Во взоре Коваля нарисовался вопрос. Что-то вроде: «Слава Господу? С каких, интересно, пор мой прагматичный племянник-пруссак стал поминать Творца в своих словах?»
— Далеко не так, как у тебя, — с легким вздохом сказал Богдан. — Ну, рассказывай, что произошло в Гимнасии, а то у тебя на лице написано, что ты едва сдерживаешься.
Ян был уверен, что ничего такого его лицо не демонстрировало, но спорить не стал. Вместо этого он коротко поведал опекуну о том, как присутствовал на демонстрации Олельковича, а следом рассказал о том, как Софию сделали парией.
— Чего-то такого я и ждал… — пробормотал Коваль, когда Ян закончил говорить.
— Что Адам станет Супремом? — удивился юноша.
— Что? А, нет, конечно. Ян, ты уж меня прости, но какой из него Супрем в семнадцать лет? Думаю, желая впечатлить тебя, юный Адам продемонстрировал тебе очень хороший контроль, но никак не возросший ранг. Это же возможно, согласись? Запомнил несколько простых заклинаний, сделал связку попарно или даже в «троечку» и, когда выдавал первое, уже «рисовал» четвертое. Вот и вышло практически без паузы. Это признак того, что у него хорошие учителя, а вовсе не того, что он за ночь возрос на два ранга! К тому же ты сам сказал, что использовал он самые простые конструкты.
— Но я же сам видел! — возмутился юноша.
— Что именно? Четыре последовательно примененных боевых конструкта? Слушай, но ты тоже мог бы так сделать! Я имею в виду гравировку у тебя на ногтях. Кстати, сегодня ее стоило бы обновить. Недолговечная хитрость. К сожалению.

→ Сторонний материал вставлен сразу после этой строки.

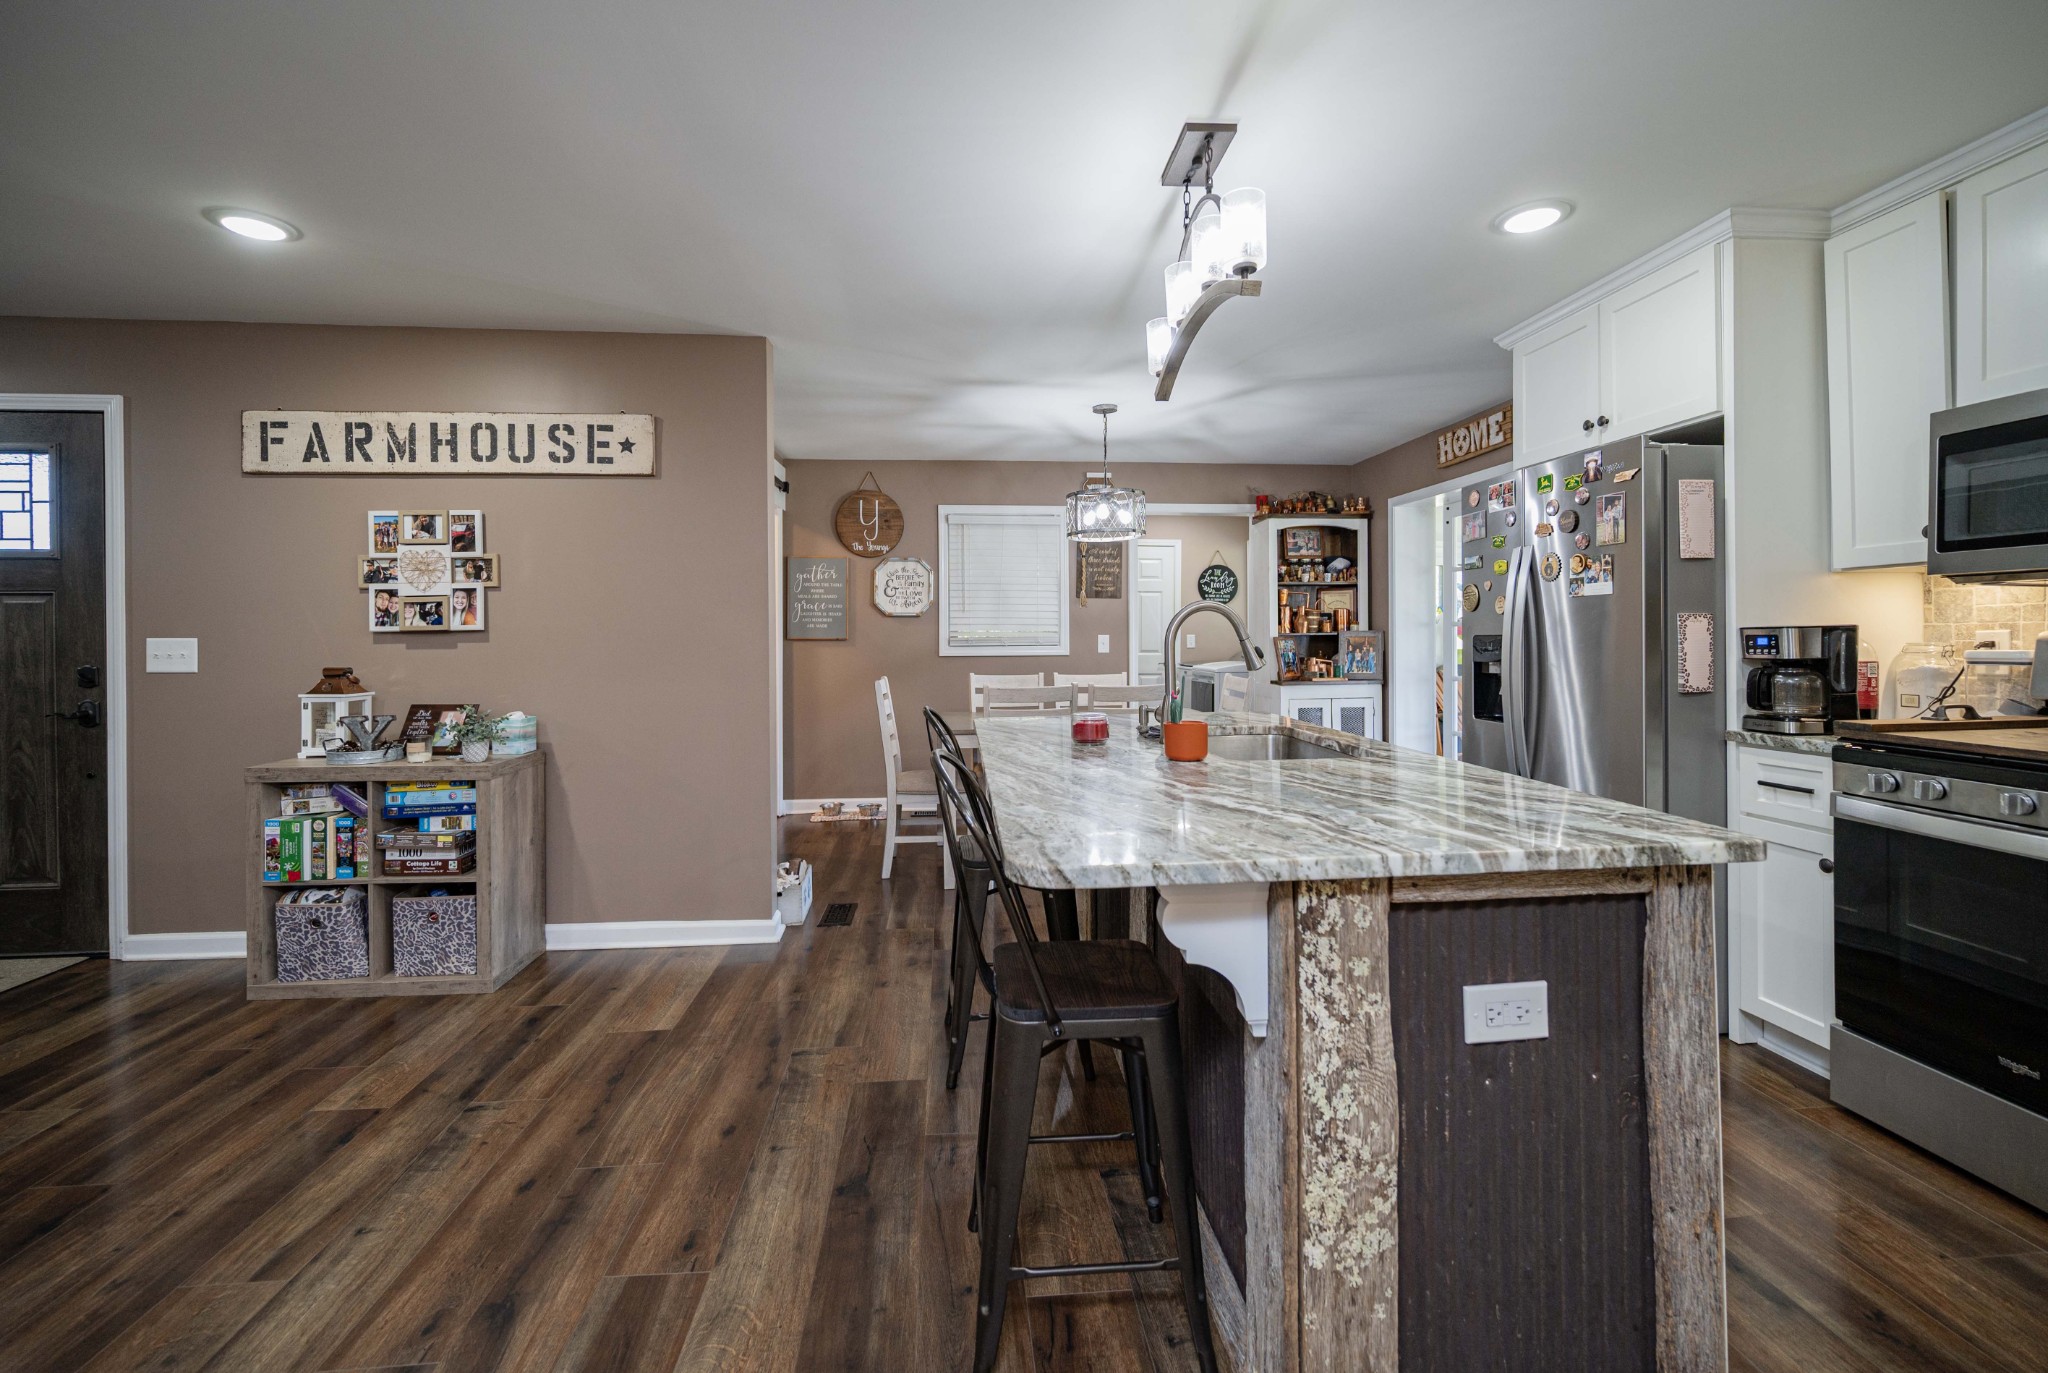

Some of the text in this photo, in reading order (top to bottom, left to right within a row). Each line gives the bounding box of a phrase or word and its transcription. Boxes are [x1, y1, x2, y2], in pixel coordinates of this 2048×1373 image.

Ян задумался. Мог ли дядя быть прав? Мог, вполне. При должном контроле и парочке, как их Богдан назвал, хитростей, не без труда, но можно выдать одно за другое. Может, ему и правда показалось? Но зачем Адаму демонстрировать такой контроль? Это еще менее дальновидно, чем хвастать возросшим рангом! С последним еще реально получить какое-то объяснение — взлетев на новый рубеж можно и опьянеть, сила буквально заставляет совершать необдуманные поступки. При этом показывать своему противнику, фактически смертельному врагу, возможности — глупость несусветная! Не пытался же Адам, в самом деле, запугать его?